The first two books that impacted me were James MacGregor Burns’ Leadership and Peter Drucker’s Innovation and Entrepreneurship. They presented to me a perspective of leadership that was not simply the hero-worship of prominent CEOs and politicians. I began to read about organizational theory. It was all new to me.
A Season of Failure
Then I was hired to create a student leadership development program at a small college. I utterly failed for three years to produce a program. I really knew nothing about how to develop leadership or build a program.
At the time, I was also serving as the college’s minister to students. Realizing that I was poorly prepared to go to business school and that a Ph.D. in any field relevant to the world of leadership would be too narrowly focused to provide me with what I felt I needed, I enrolled in a seminary doctoral program for ministers at the mid-point in their careers. At that time, thirty years ago, I was able to develop my own course of study to try and understand the social dimensions of leadership.
I refocused the college’s leadership program on mobilizing student groups - resident halls, academic clubs, sports teams, fraternities, sororities, and campus organizations - to participate in two service projects. As a result, approximately ten percent of the student body experienced what later I came to call leadership impact.
Then my time at the college was done. Our family moved closer to our parents and siblings, and I began a consulting practice. Like everything I had done before in my life, I knew nothing about being a consultant or running a business. I did know how to talk to people and how to be a problem solver. I was good at it too. My ten-year-old son remarked at the time, “Dad talks people into having problems and offers to fix them.” Truer words have never been spoken about me.
The Circle of Impact Years
Over the next twenty years, my consulting practice went through ups and downs like any small business. During that time I began to see patterns of behavior that pointed towards problems that inhibited every type of organization from reaching its potential. If a company is not reaching its potential, you can guess that the senior leaders and most of the employees are not either. Acknowledging that is the first obstacle to overcome.
As one project led to another, the issue of unrealized potential became more apparent.
These patterns of behavior are identified by observing how people and groups think, relate, and structure their organizations. Ultimately, these three categories developed into a model of leadership that I call the Circle of Impact.
My point is that by observation, study, self-critical analysis, and lots of conversation I came to see the world of leadership as vastly different than a function of an organization’s structure.
The difference is that the three dimensions of Ideas, Relationships, and Structure need to be aligned or integrated into a system that everyone can understand and utilize. This lack of alignment is a problem that is derived from how organizations are structured. They tend to be fragmented into isolated segments. I have much to say about this because I see organizational structure as a principal problem facing global society today.

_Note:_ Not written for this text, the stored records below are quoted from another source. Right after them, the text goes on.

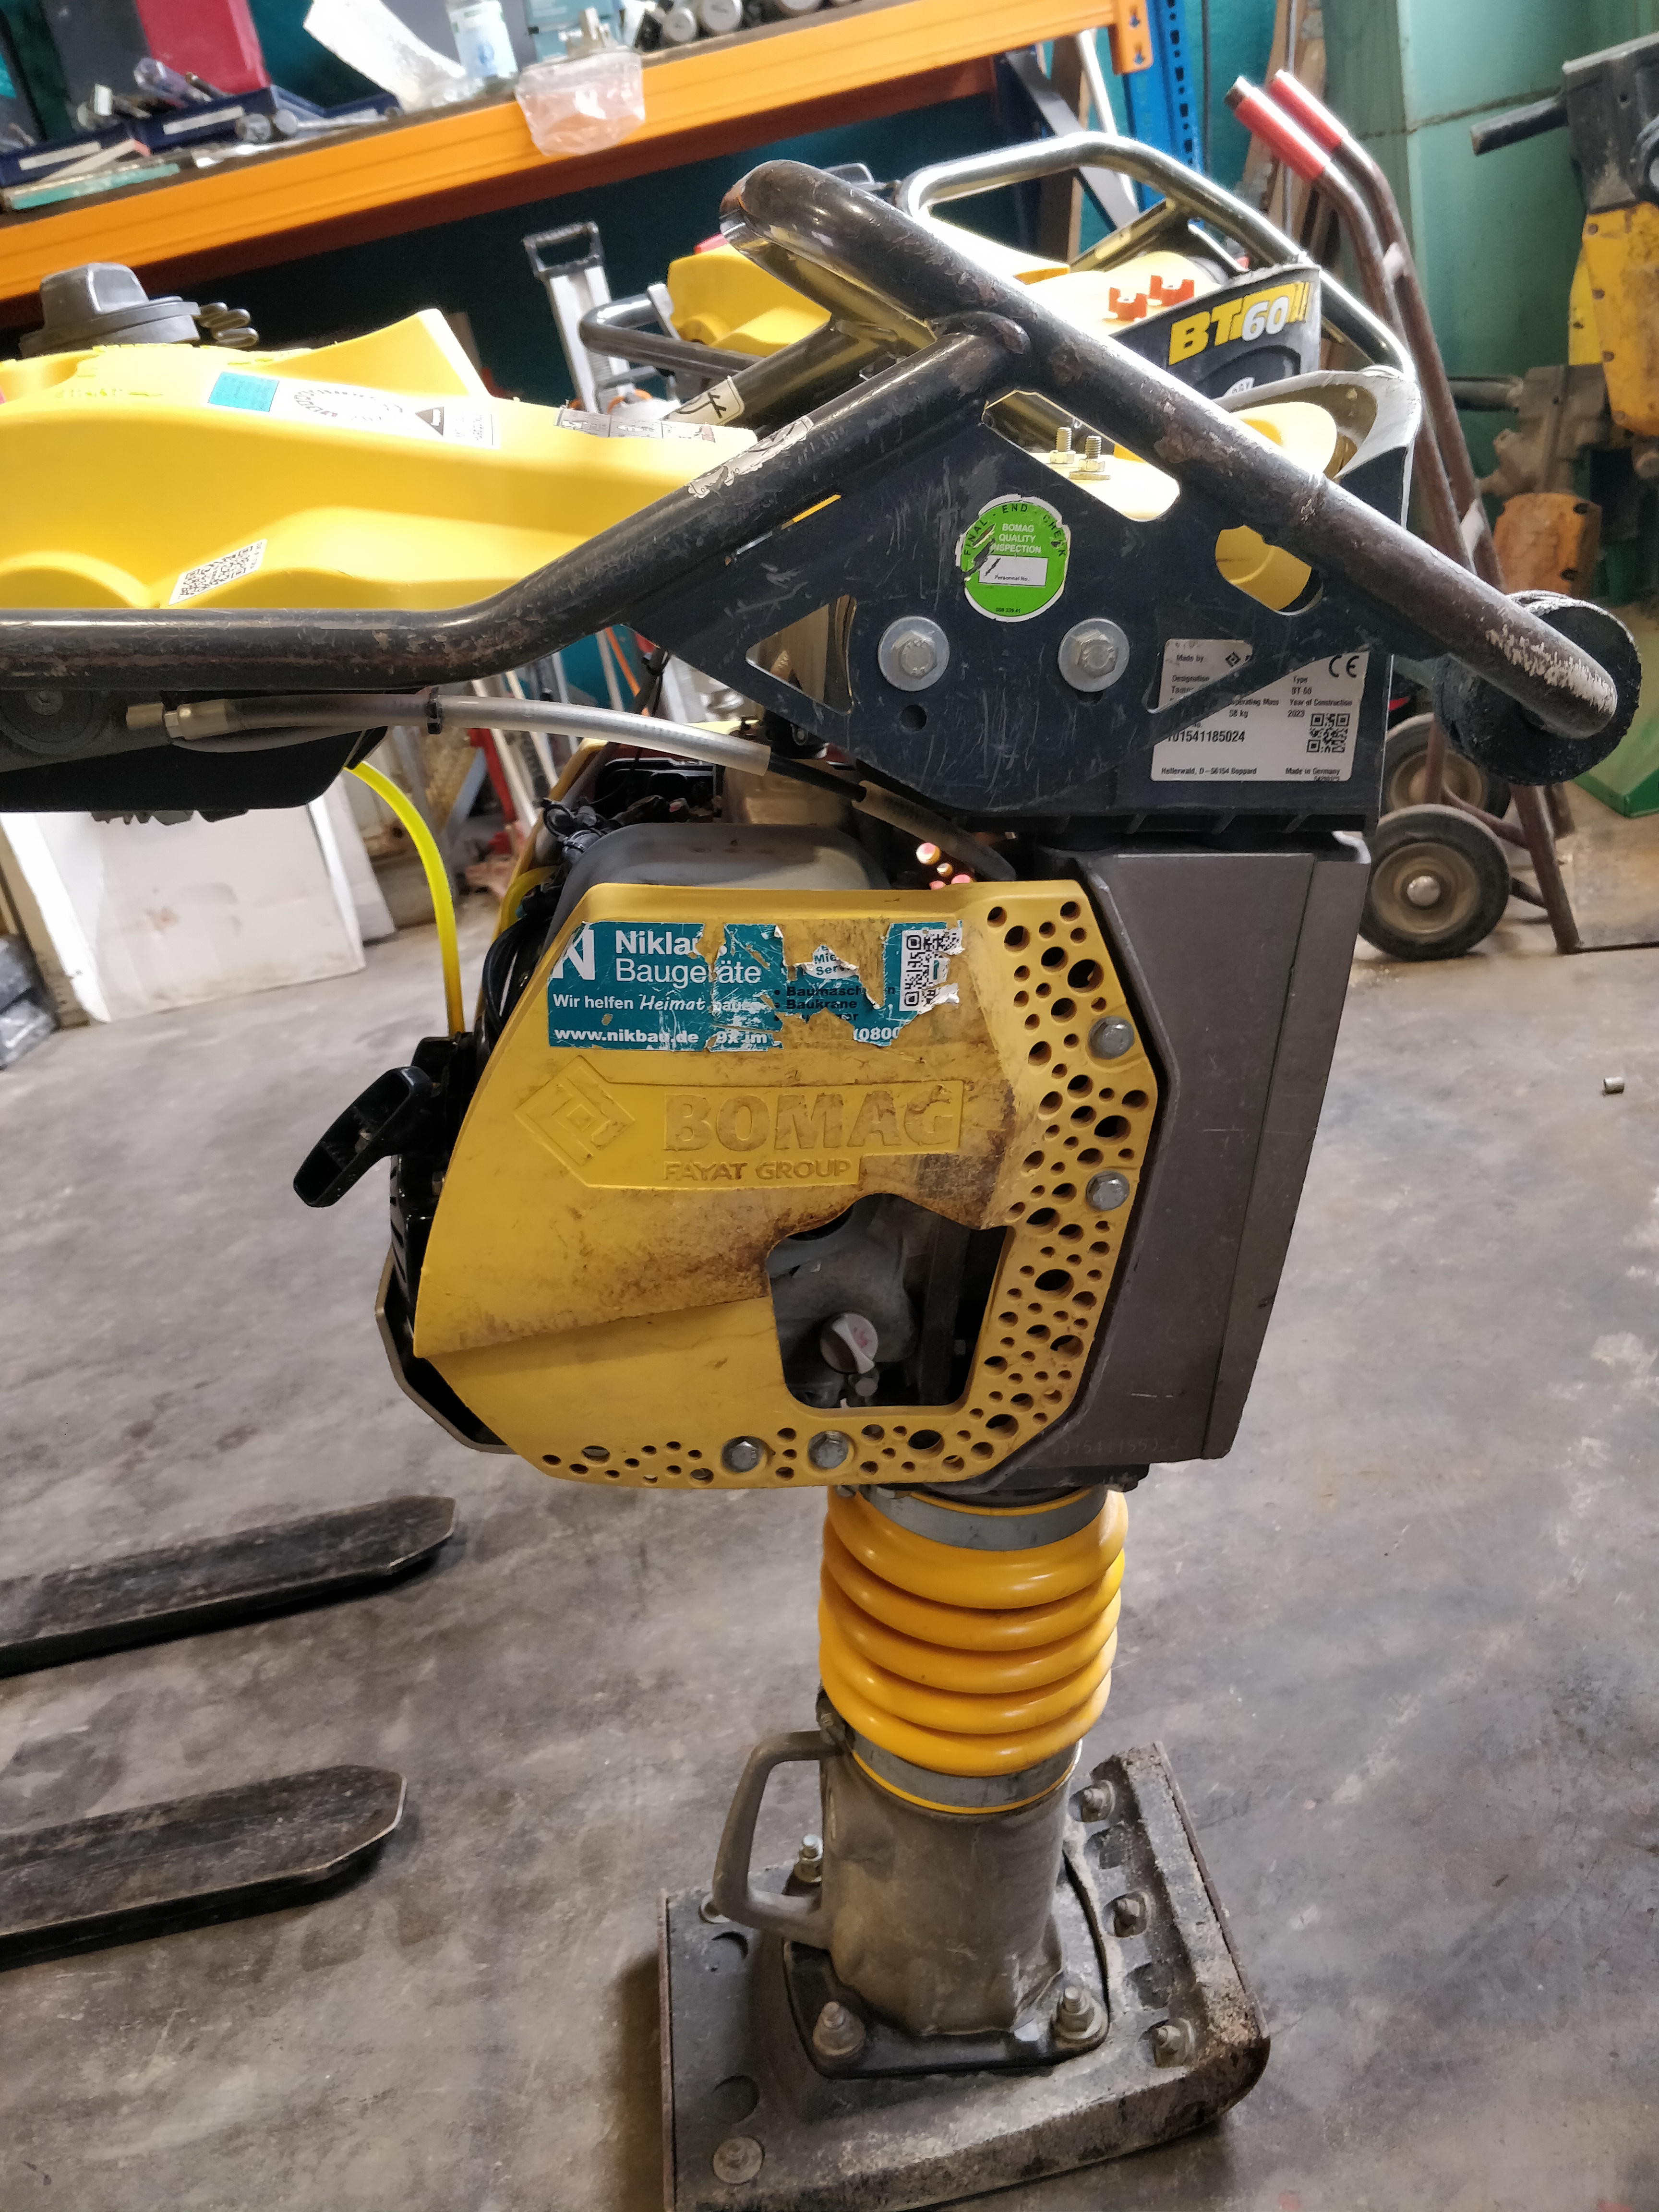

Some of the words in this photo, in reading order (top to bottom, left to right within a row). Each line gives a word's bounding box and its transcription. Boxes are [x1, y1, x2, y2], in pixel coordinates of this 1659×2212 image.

[963, 519, 988, 556] FINAL
[1002, 504, 1028, 513] END
[1043, 514, 1066, 557] CHEK
[1002, 523, 1034, 532] BOMAG
[999, 533, 1036, 542] QUALITY
[991, 543, 1042, 553] INSPECTION
[1176, 654, 1194, 662] Made
[1196, 654, 1204, 663] by
[1171, 674, 1210, 683] Designation
[1305, 698, 1313, 706] of
[1313, 698, 1353, 707] Construction
[1240, 709, 1249, 719] kg
[1287, 709, 1305, 718] 2023
[1312, 767, 1342, 776] Germany
[553, 993, 579, 1008] Wir
[584, 995, 634, 1009] helfen
[638, 994, 706, 1010] Heimat
[553, 1029, 699, 1044] www.nikbau.de
[664, 1090, 954, 1152] BOMAG
[663, 1160, 749, 1181] FAYAT
[755, 1158, 852, 1180] GROUP

I can tell a person’s orientation towards leadership when I ask what their favorite book on leadership is. There are hundreds of books on personal and corporate values. An even larger number about relationships. There is also a wide spectrum of literature on organizational design and structure. The problem pattern here is that very few people see how these dimensions need to be aligned. Those people see it more intuitively rather than analytically.
The first version of the Circle of Impact model appeared around 2000. The next fifteen years were a time of refinement and testing to see if the model worked. Did the Circle of Impact match the reality that I found in the wide diversity of organizations that I served? I discovered that when the Circle of Impact was used for problem-solving, as a planning process tool, for the development of the leadership of teams, or personally as a self-critical guide to one’s own development, it always worked.
The Three Endings
Like many people and businesses, the Recession of the late 2000s hit me hard. All my clients left me within a six-week period of time. A year and a half later it was clear that the end of my consulting practice was near. Organizations were looking for hacks to their system. They didn’t want to see that their system was broken.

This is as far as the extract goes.